Kisah Tragis Dibalik Pembunuhan Aktivis Irak di Basra
Ini bukan pertama kalinya Basra menyaksikan serangkaian pembunuhan aktivis politik. Pada 2018, ketika kota itu menyaksikan protes besar-besaran terhadap layanan yang buruk, lapangan kerja dan korupsi, beberapa tokoh terkemuka tewas, termasuk Jabbar Karam al-Bahadli, seorang pengacara hak asasi manusia yang membela para demonstran yang ditahan, dan Suad al-Ali, seorang aktivis hak asasi manusia yang mendukung protes.
Pada tahun yang sama, Remon, Yacoub, dan aktivis wanita lainnya yang aktif dalam kelompok wanita dan mengorganisir pawai wanita, menghadapi kampanye kotor oleh media pro-Iran dan akun media sosial, menuduh mereka sebagai bagian dari plot Amerika untuk mengacaukan Basra. . Akibatnya, mereka mulai menerima ancaman atas nyawa mereka.
"Saya menerima banyak ancaman pembunuhan pada 2018. Pada 2020, saya juga diancam di media sosial dan melalui panggilan telepon karena partisipasi saya yang terus menerus dalam protes dan pekerjaan sipil," kata Remon kepada Al Jazeera.
Pada 20 Agustus, Perdana Menteri Mustafa al-Kadhimi mengunjungi Basra dan bertemu dengan keluarga Yacoub.
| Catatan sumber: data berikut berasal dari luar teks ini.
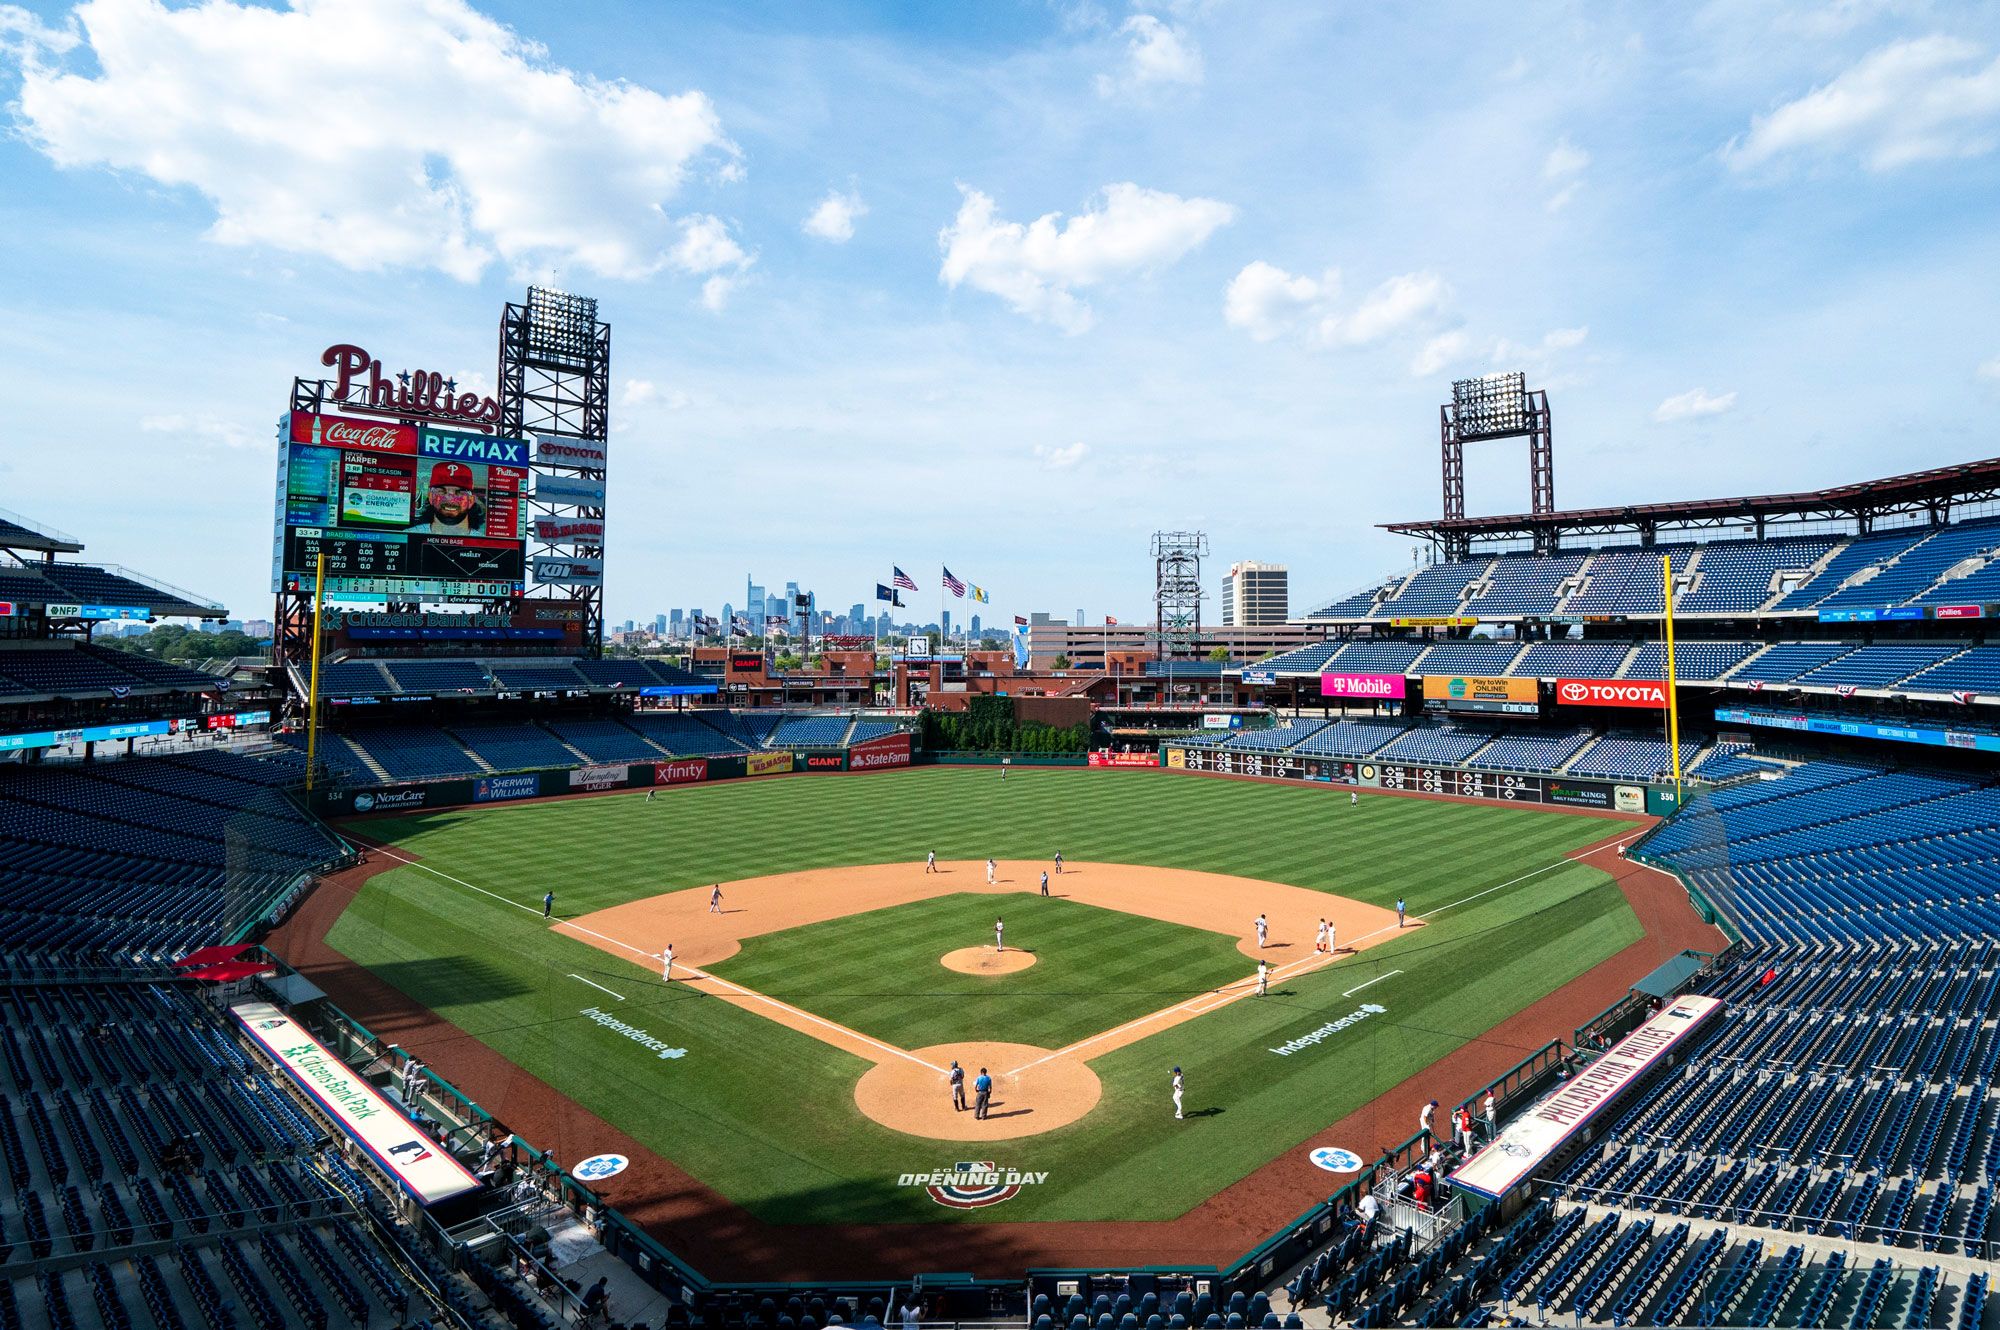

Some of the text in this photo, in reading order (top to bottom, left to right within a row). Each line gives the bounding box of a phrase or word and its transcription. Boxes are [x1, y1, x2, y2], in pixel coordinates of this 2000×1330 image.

Dia berjanji mereka yang bertanggung jawab atas serangan dan pembunuhan itu akan ditangkap dan dihukum. Dia memecat kepala keamanan di kota dan mengirim bala bantuan pasukan keamanan.
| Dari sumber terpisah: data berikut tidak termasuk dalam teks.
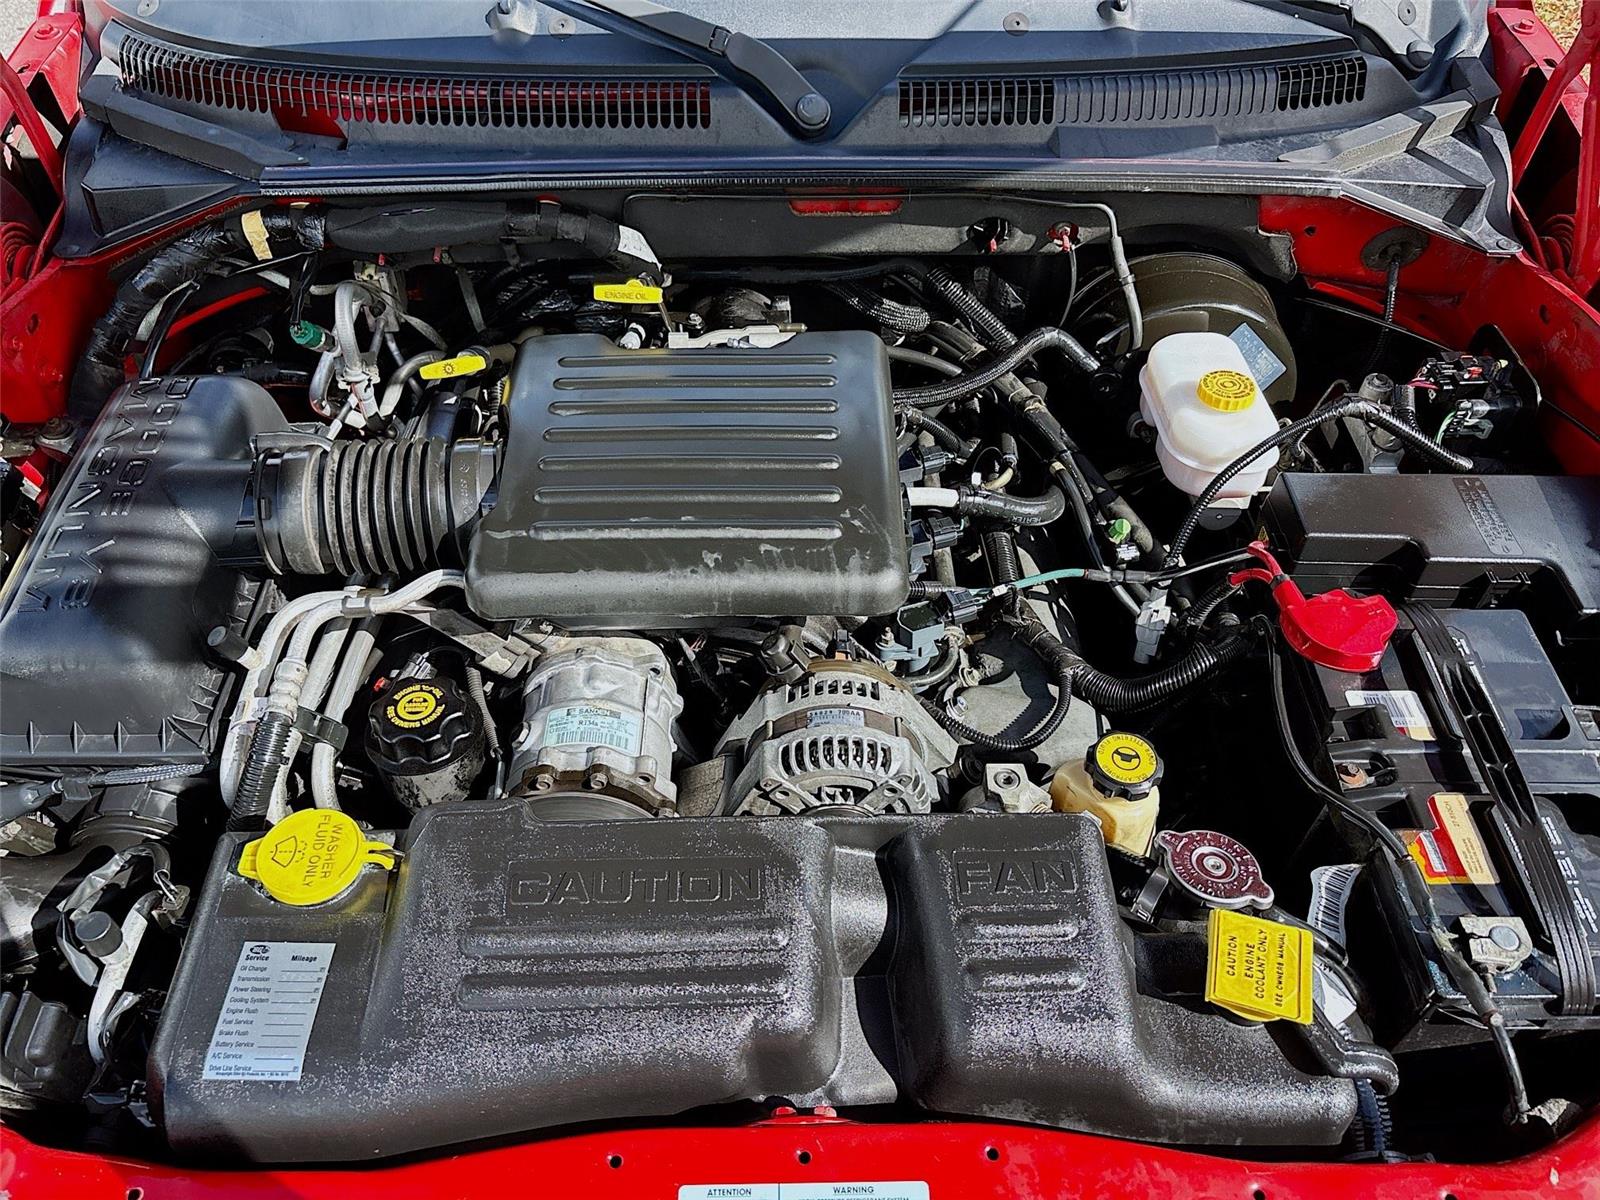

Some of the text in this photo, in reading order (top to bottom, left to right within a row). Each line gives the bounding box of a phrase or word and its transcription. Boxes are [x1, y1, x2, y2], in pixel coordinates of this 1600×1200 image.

[604, 291, 649, 301] ENGINE OIL
[17, 377, 163, 613] MAGNUM
[59, 376, 199, 609] DODGE V8
[393, 684, 421, 700] ENGINE
[386, 703, 446, 728] SEE OWNERS MANUAL
[303, 814, 331, 887] FLUID ONLY
[320, 823, 343, 880] WASHER
[508, 859, 1076, 905] CAUTION FAN
[1226, 935, 1238, 977] CAUTION
[1244, 943, 1256, 979] ENGINE
[1255, 929, 1268, 999] COOLANT ONLY
[1274, 932, 1286, 1007] SEE OWNERS MANUAL
[215, 1041, 234, 1049] Battery
[707, 1185, 875, 1196] ATTENTION WARNING
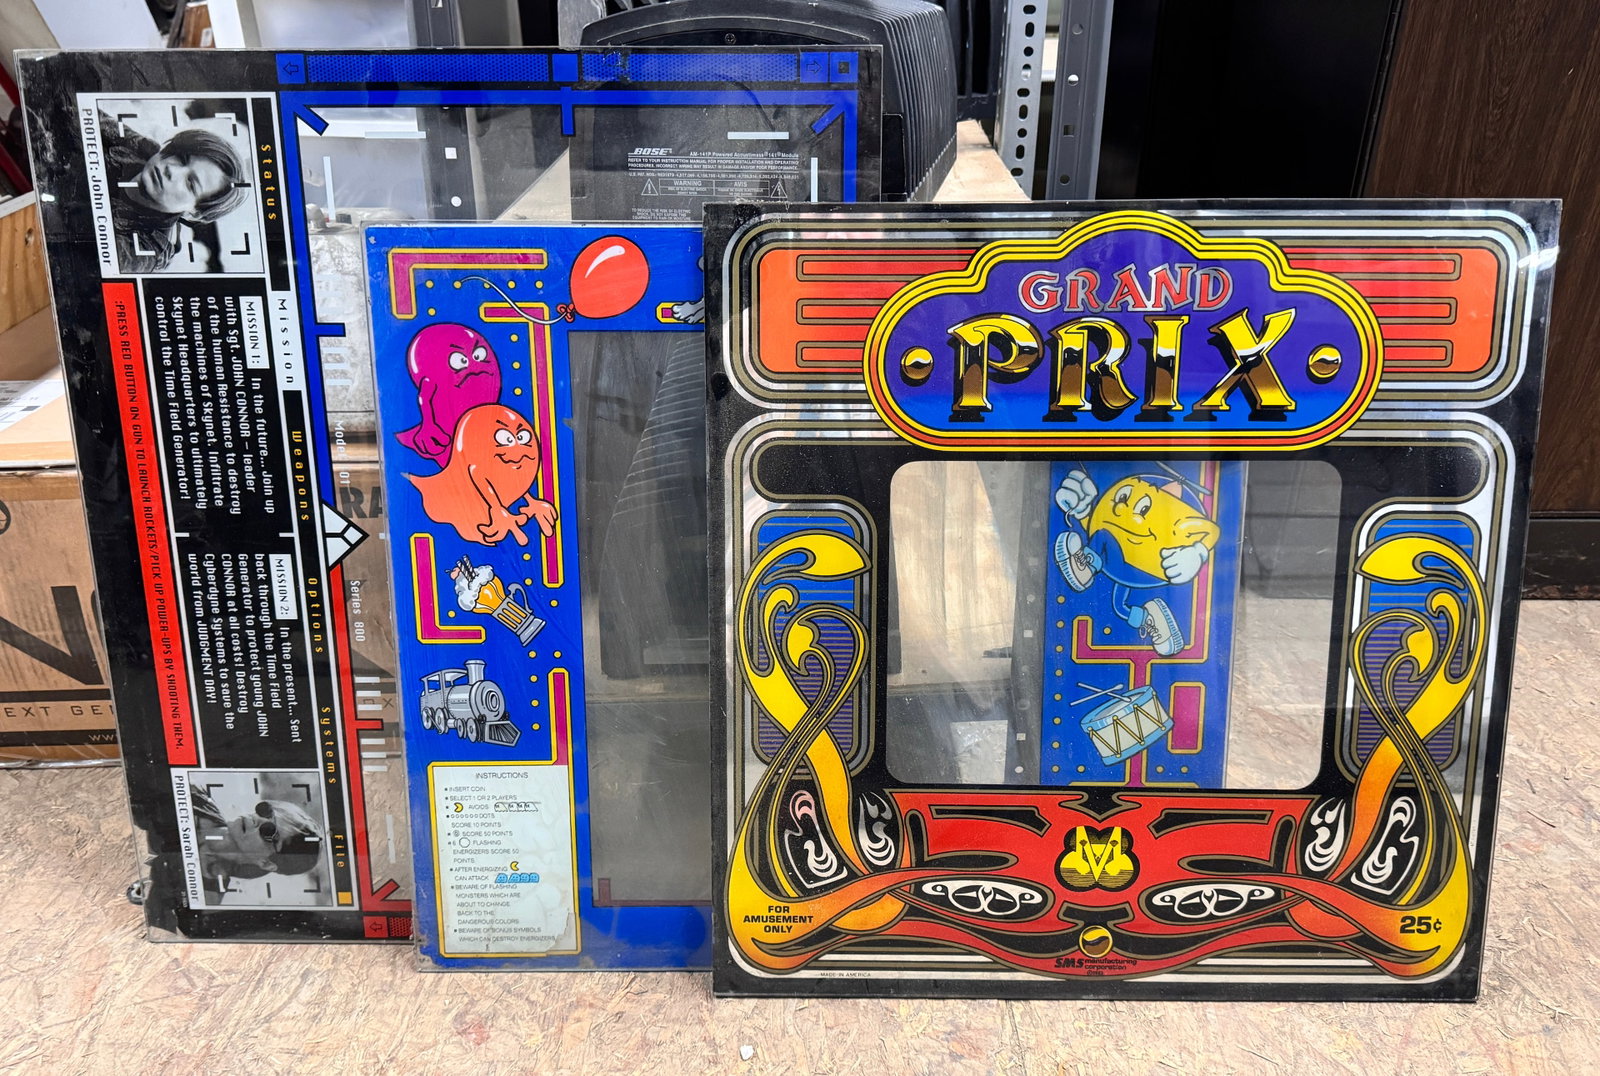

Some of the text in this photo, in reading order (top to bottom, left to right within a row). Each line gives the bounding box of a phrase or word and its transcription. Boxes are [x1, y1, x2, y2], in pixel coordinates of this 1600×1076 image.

[260, 144, 279, 220] Status
[632, 148, 668, 156] BOSE
[80, 108, 113, 264] PROTECT: John Connor
[1018, 262, 1234, 313] GRAND
[120, 340, 132, 360] RED
[277, 298, 294, 383] Mission
[946, 307, 1298, 421] PRIX
[123, 364, 137, 402] BUTTON
[129, 406, 140, 420] ON
[154, 296, 190, 499] control the Time Field Generator!
[169, 296, 208, 508] Skynet Headquarters to ultimately
[189, 296, 224, 506] the machines of Skynet. Infiltrate
[206, 296, 242, 514] of the human Resistance to destroy
[224, 296, 256, 492] with Sgt. JOHN CONNOR leader
[244, 301, 274, 513] MISSION 1: In the future... Join up
[131, 424, 143, 444] GUN
[134, 449, 145, 459] TO
[136, 463, 151, 502] LAUNCH
[290, 431, 310, 521] Weapons
[339, 471, 350, 484] 01
[142, 506, 161, 579] ROCKETS/PICK
[153, 583, 164, 595] UP
[305, 578, 324, 653] Options
[349, 580, 365, 641] Series 800
[155, 598, 172, 654] POWER-UPS
[187, 553, 216, 703] world from JUDGMENT DAY!
[201, 553, 235, 729] Cyberdyne Systems to save the
[220, 553, 249, 713] CONNOR at all costs! Destroy
[237, 553, 268, 736] Generator to protect young JOHN
[254, 553, 281, 708] back through the Time Field
[274, 558, 301, 742] MISSION 2: In the present... Sent
[163, 658, 174, 669] BY
[165, 674, 180, 718] SHOOTING
[172, 722, 185, 749] THEM.
[319, 707, 337, 784] Systems
[174, 775, 200, 901] PROTECT: Sarah Connor
[333, 835, 346, 868] File
[743, 915, 814, 924] AMUSEMENT
[764, 925, 793, 933] ONLY
[768, 905, 790, 914] FOR
[1400, 916, 1442, 934] 25¢
[1054, 958, 1137, 968] SMS manufacturing
Namun menurut Sarmad al-Taei, seorang jurnalis yang berbasis di Basra, tindakan yang diambil oleh pemerintah sejauh ini tidak mungkin membawa mereka yang bertanggung jawab ke pengadilan.
"Al-Kadhimi terus memecat kepala keamanan dan bergerak di sekitar Pasukan Kontraterorisme, tetapi ini tidak cukup. Dia menyadari kekuasaannya terbatas dan dia belum melakukan tindakan besar apa pun terhadap para pembunuh," katanya kepada Al Jazeera.